To date, nearly 80 local authority road engineers have been trained in using the guidelines and software to assist their funding bids which were submitted in April and September this year.

RSF Research Director Dr Suzy Charman, who is leading this work said: “These guidelines have been written to help road authorities manage road crash risk on busy regional roads. This document provides a step-by-step guide on how to use Risk Mapping and Star Rating to identify high-risk roads and then develop treatment plans that will reduce their risk.

“Local authorities which have been part of the Safer Roads programme are already embracing the iRAP approach, and are delighted to have the opportunity and budget to improve these high-risk roads.  Some authorities have even commissioned the RSF to undertake additional surveys on roads of concern that fall outside of the remit of the ‘Safer Roads Fund’.

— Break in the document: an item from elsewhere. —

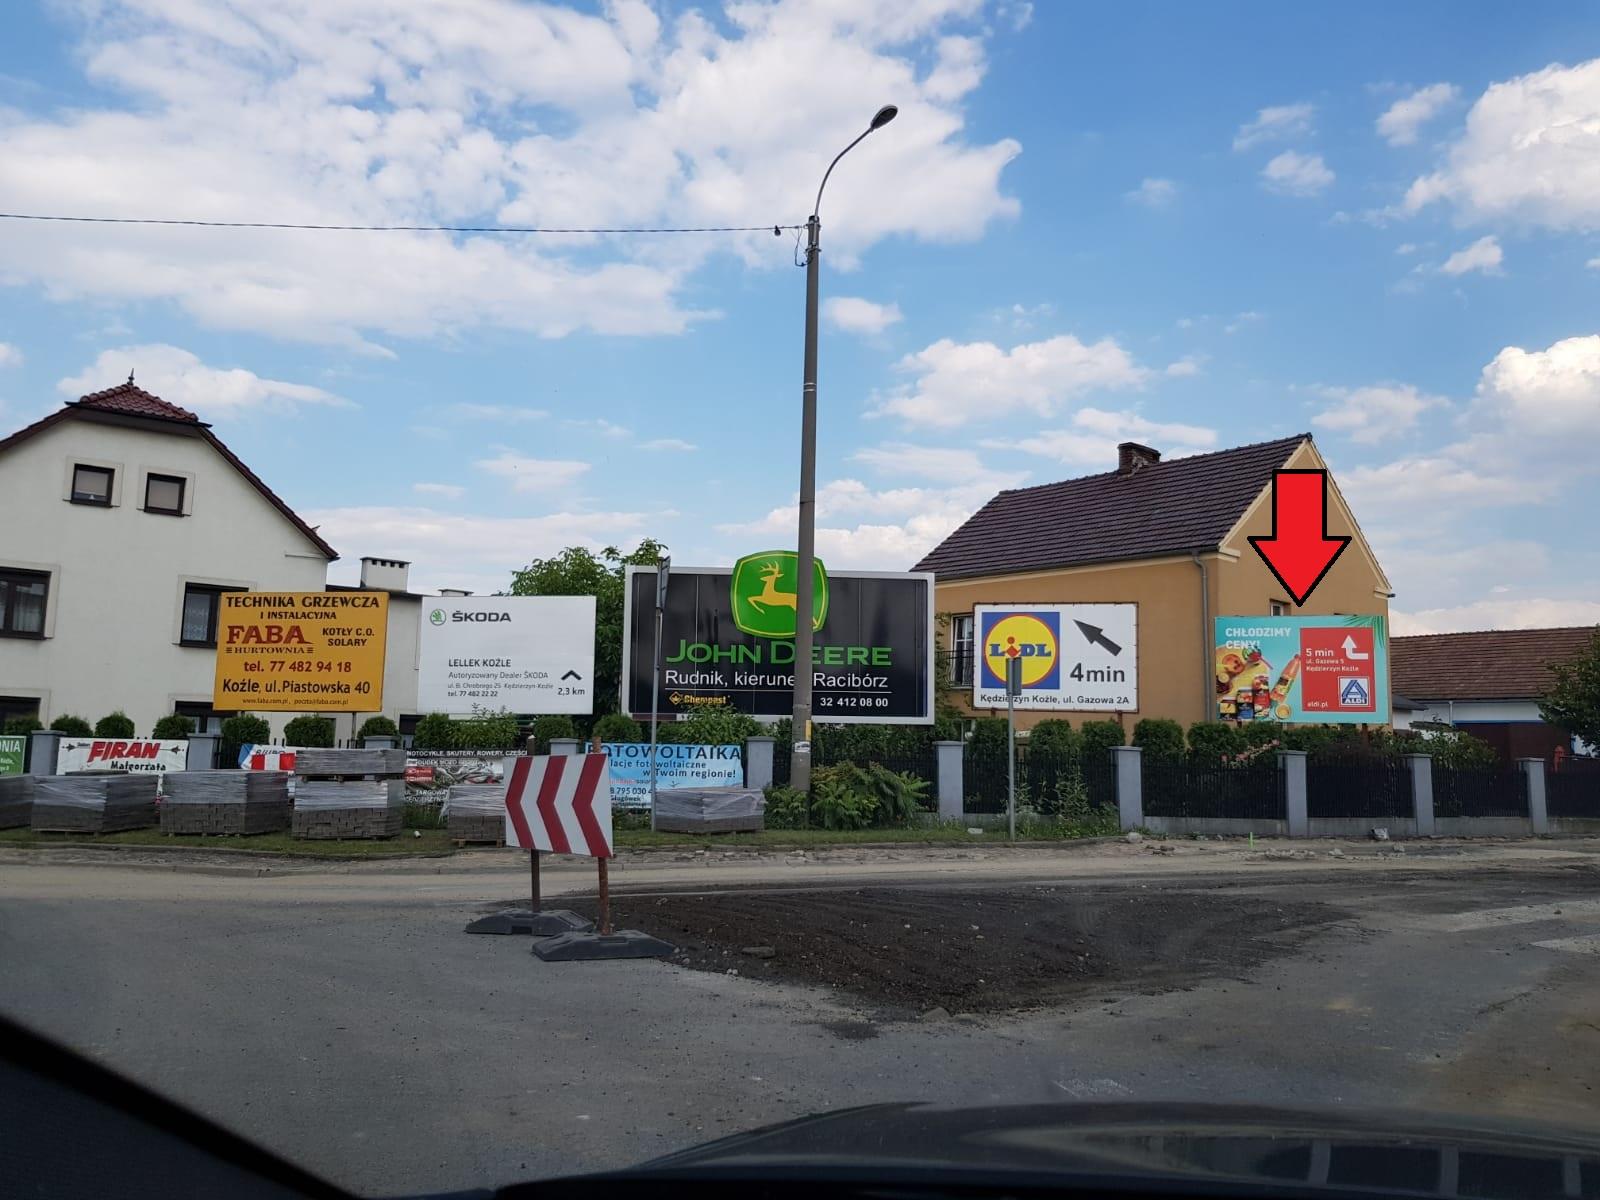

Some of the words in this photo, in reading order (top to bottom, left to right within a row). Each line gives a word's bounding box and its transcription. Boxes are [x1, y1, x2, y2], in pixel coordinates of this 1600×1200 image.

 “A lifetime of care for a single trauma victim can cost more than £20m. We have identified the authorities with high costs from road crashes, and shown how risks can be reduced and lives saved with economic returns that are higher, quicker and more certain than from most projects competing for funds.

“We have identified roads where risk is 20-times higher than on others. Counter-measures are typically simple: often this is down to installing centre-lane hatching; rumble strips and safe recovery zones at the side of the road; protective right-turn pockets; and high-friction treatments on bends.”

Writing in the report’s foreword, Lord Whitty, chairman of the Road Safety Foundation says: “The government’s road safety strategy has adopted the systematic so-called ‘Safe Systems’ approach to risk. Highways England is leading the way in seeking to move levels of death and trauma towards zero on its network by 2040. The rail and aviation industries, like other sectors from mining to medicine, take proactive steps to manage known risks. The safety of road workers is managed in the same way, with risks eliminated before people are killed or hurt.”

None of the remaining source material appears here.